Alexander Lewis (October 4, 1822 - April 18, 1908) was an American politician and businessman who was the mayor of Detroit from 1876 to 1877. He ran one of the largest flour and grain businesses in the city.

==Early life==
Alexander Lewis was born on October 4, 1822, in Windsor, Ontario (then called "Sandwich"), the son of Thomas and Jeanette Velaire Lewis. He came to Detroit on May 1, 1837, to work as a clerk at E. W. Cole & Co. He remained at E. W. Cole & Co. for two years, then spent two years at the druggists G. & J. G. Hill, and then moved to Pontiac, Michigan. Lewis returned to Detroit in 1843 to start a forwarding and commission service with his brother Samuel and Horace Gray.

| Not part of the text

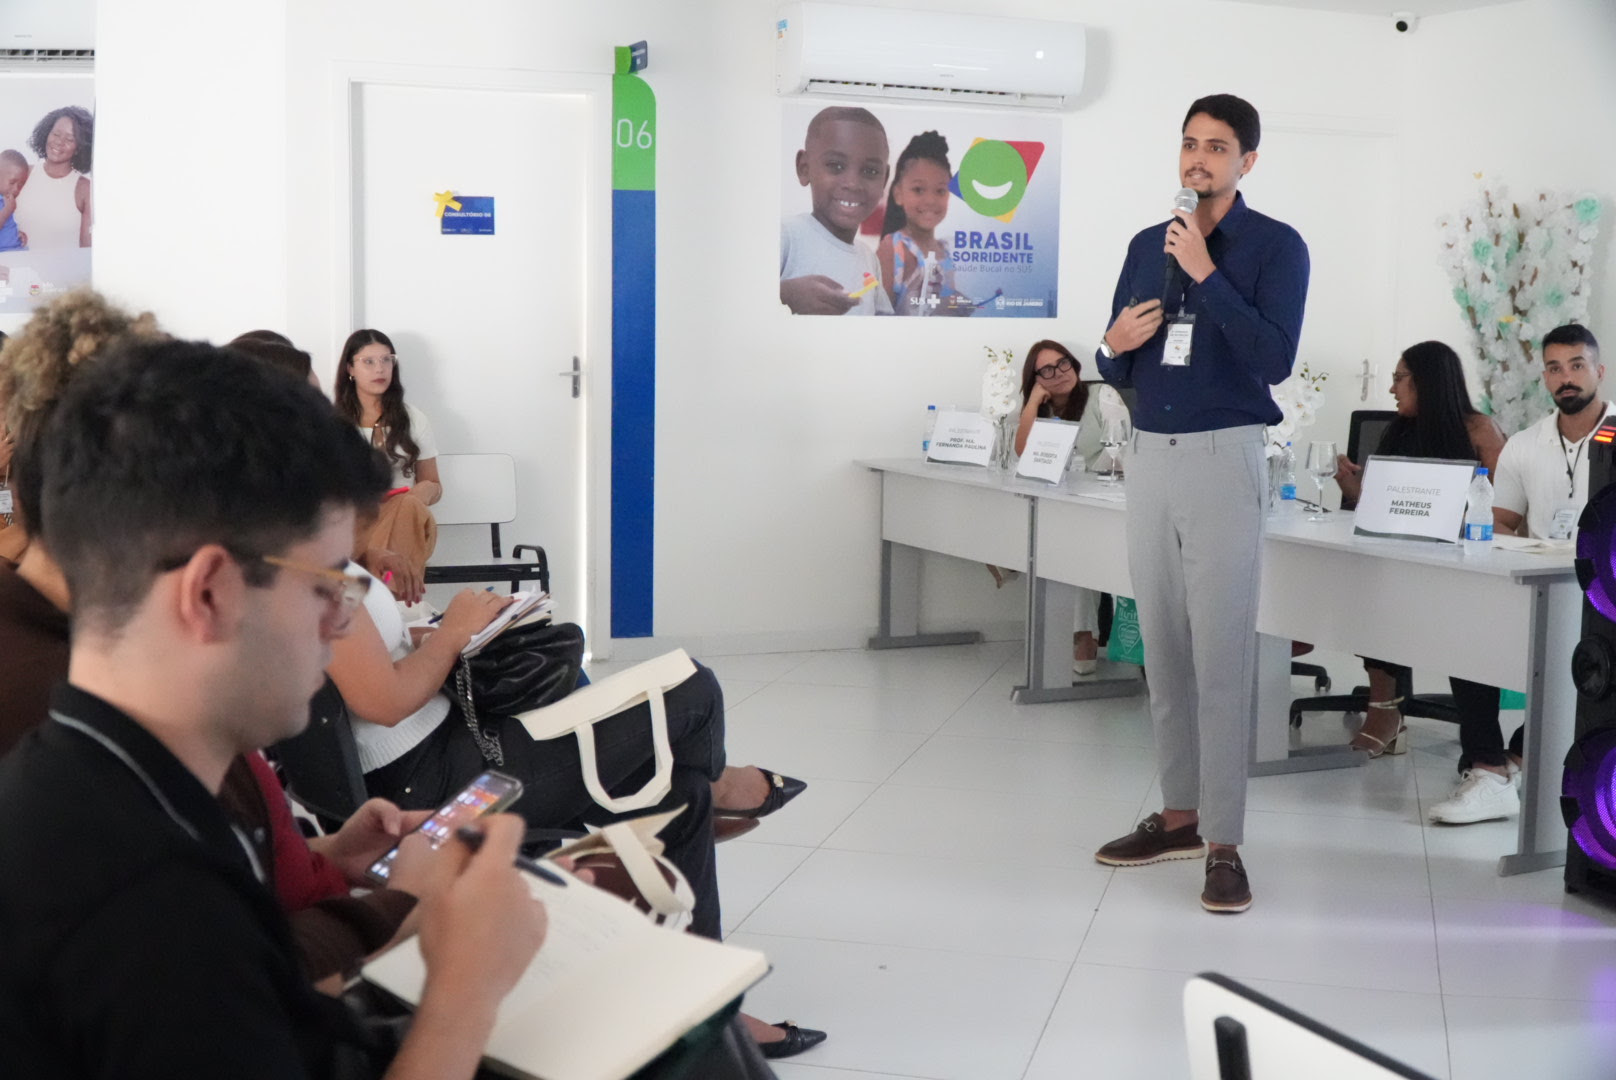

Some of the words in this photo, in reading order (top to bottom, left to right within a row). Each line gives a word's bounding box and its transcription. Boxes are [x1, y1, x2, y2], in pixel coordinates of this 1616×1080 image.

In 1845, Lewis started another forwarding and commission service with H. P. Bridge under the name of Bridge & Lewis.

==Business and politics==
Lewis remained with Bridge & Lewis until 1862, when he established a flour and grain business. This he built into one of the largest and most prosperous enterprises in the city. Lewis retired in 1884 to look after his various property interests and real estate. Lewis was also a director of the Detroit Fire & Marine Insurance Company, a director of the Detroit National Bank, president of Detroit Gas Light Company, and in 1862 president of the Detroit Board of Trade.

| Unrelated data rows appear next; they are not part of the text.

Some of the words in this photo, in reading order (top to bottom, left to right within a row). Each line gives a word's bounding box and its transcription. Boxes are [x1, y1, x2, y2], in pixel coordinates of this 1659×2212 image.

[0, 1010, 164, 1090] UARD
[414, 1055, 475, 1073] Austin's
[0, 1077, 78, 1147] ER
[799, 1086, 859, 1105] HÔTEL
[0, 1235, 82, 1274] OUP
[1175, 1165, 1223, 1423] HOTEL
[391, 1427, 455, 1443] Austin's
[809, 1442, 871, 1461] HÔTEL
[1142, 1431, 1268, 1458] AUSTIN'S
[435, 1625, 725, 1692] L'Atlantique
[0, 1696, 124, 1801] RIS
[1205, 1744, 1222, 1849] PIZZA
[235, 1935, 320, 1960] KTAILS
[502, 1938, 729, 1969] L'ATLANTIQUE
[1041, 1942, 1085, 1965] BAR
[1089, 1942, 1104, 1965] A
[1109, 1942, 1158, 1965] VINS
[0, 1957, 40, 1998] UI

Lewis served as Police Commissioner from 1865 to 1875 and was elected mayor of Detroit in 1876 as a Democrat. He was also a member of the Detroit Library Board of Commissioners from 1881 to 1888, and, with Thomas W. Palmer, established the Michigan Society for the Prevention of Cruelty to Animals.

==Family and later life==
Lewis married Elizabeth J. Ingersoll in 1850; the couple had 13 children, of which 8 lived into the 1890s: Ida Frances (Lewis) Healy, Edward L. Lewis, Josephine (Lewis) Carpenter, Hattie I. (Lewis) Currie, Harry B. Lewis, Julia Velaire (McMillan) Penrose, Marion Marie (Lewis) Muir, and Alexander Ingersoll Lewis. Through his daughter Julia, Alexander is the great-great-grandfather of Baroness Sybille de Selys Longchamps, the mother of Princess Delphine of Belgium (Delphine Michèle Anne Marie Ghislaine de Saxe-Cobourg; born 22 February 1968), known previously as Jonkvrouw Delphine Boël, who is a Belgian artist and member of the Belgian royal family. She is the daughter of King Albert II of Belgium with de Selys Longchamps, and the half-sister of King Philippe of Belgium.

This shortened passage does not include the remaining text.